We recommend the following at a bare minimum for most trail runs, no matter the time of year:
A smile and a positive attitude
A basic first aid kit including any medication (Insulin, Inhalers, etc; whatever medications you may need away from home)
At least 1 ABC fire extinguisher somewhere easily accessible.
Basic car kit (tire iron, jumper cables, etc)
Tire-Deflator and a means of airing up (Compressor, CO2 bottle, etc)
Food and drink for lunch, and extra food and snacks for the day/night for yourself and any passengers (don’t forget your pets!)
Weather-appropriate clothing, including but not limited to; warm clothes, extra socks, warm and waterproof shoes, extra shoes/boots if possible, hats/beanies, gloves, raincoat, sweatshirt, winter coat (as needed), snow pants (as needed), sunscreen, bug spray, etc.
Flashlight, lantern, headlamps, etc
A warm blanket for you and any passengers
Walkie-talkies with spare batteries and/or charger
A tool kit consisting of basic hand tools (sockets, screwdrivers, wrenches, zip ties, hose clamps, torque wrench, etc)
Tire-repair kit, Colby emergency valve stems, spare cores, starter fluid+lighter for re-beading a tire, etc.
Jack with supporting base if necessary (for lifted Subarus, a couple blocks of wood and the factory scissor jack should suffice in most cases)
A full-size spare tire (same brand, size, and tread wear if at all possible to reduce potential damage to AWD system)
Spare fluids (oil, coolant, power steering fluid/ATF, brake fluid, etc)
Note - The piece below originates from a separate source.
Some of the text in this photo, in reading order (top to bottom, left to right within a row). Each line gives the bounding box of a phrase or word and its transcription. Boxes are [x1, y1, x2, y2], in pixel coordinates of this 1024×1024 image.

Highly Recommended Gear To Add:
72 hr pack with basic survival supplies for yourself and any passengers
Offline maps downloaded to your phone using Avenza Maps or other offline GPS maps app. (Paper maps and a compass are always recommended as well)
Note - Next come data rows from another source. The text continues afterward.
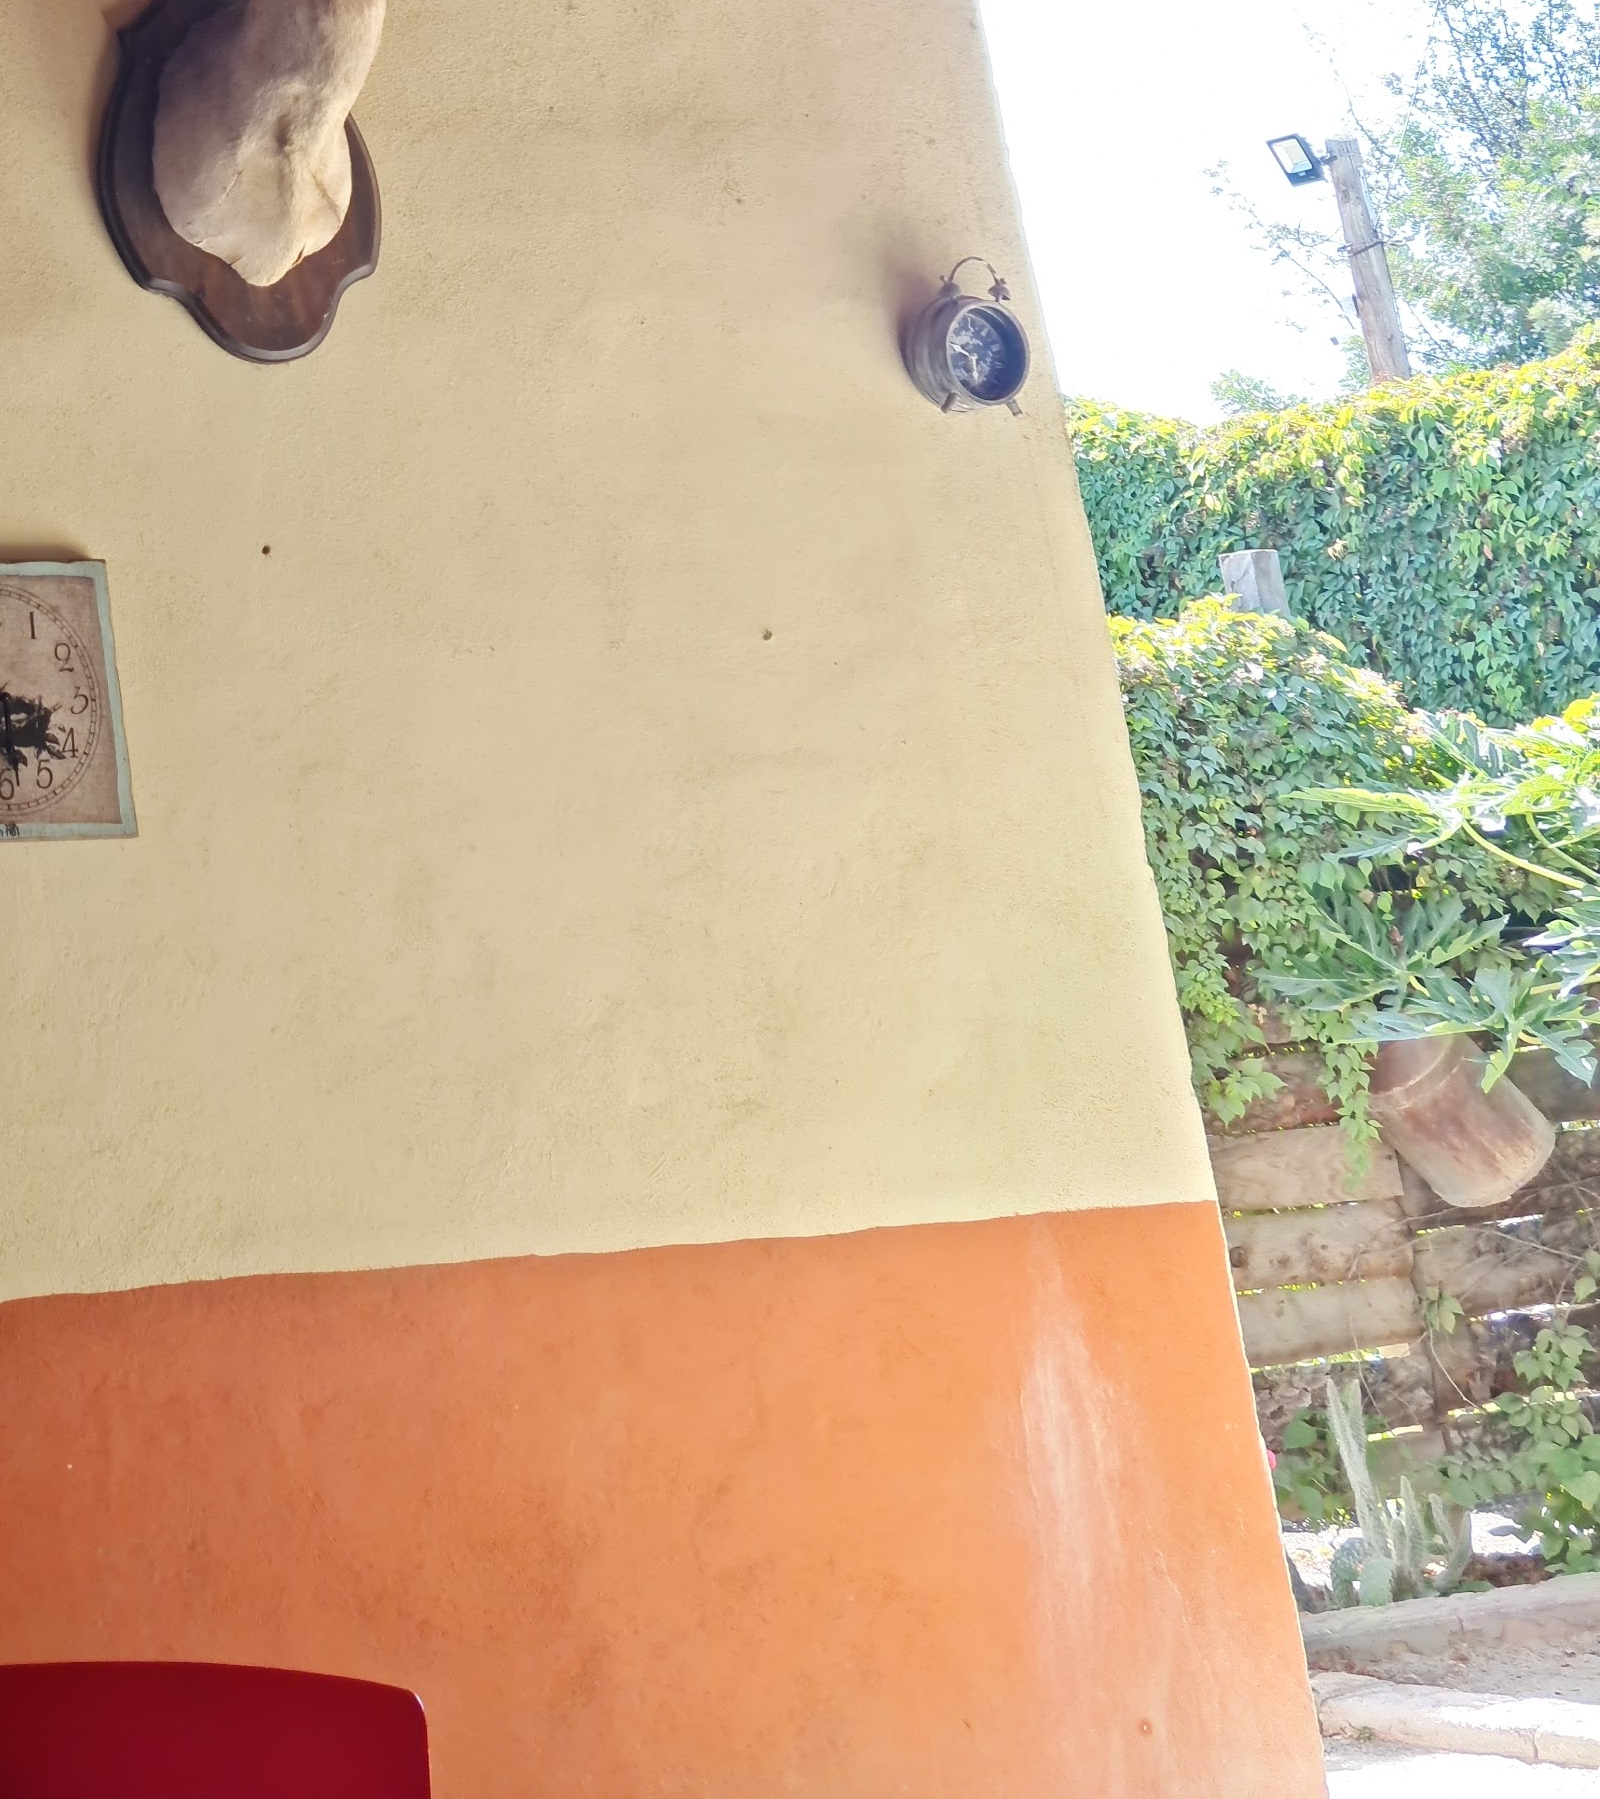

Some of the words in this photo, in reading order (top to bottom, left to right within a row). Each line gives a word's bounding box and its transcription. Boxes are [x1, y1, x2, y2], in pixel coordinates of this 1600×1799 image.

[29, 611, 37, 640] 1
[53, 642, 75, 673] 2
[69, 686, 89, 715] 3
[61, 727, 79, 758] 4
[35, 758, 54, 789] 5
Another communication device with charger and/or extra batteries (CB, Ham radio, etc)
Spare parts: At least (1) outer tie rod, at least (1) inner tie rod, (1) front CV axle, (1) rear CV axle, (4+) lug nuts, (4+) wheel studs
Recovery gear suited to your vehicle. This includes at a minimum the following:
A solid recovery point (Receiver hitch with shackle adapter is the easiest and cheapest for most of us for the rear, and using two shackles with a tow or tree strap to bridle the front is the best option for the front. The stock screw-in tow eye if available can work as a last resort, although it is strongly not recommended for hard snatch recoveries.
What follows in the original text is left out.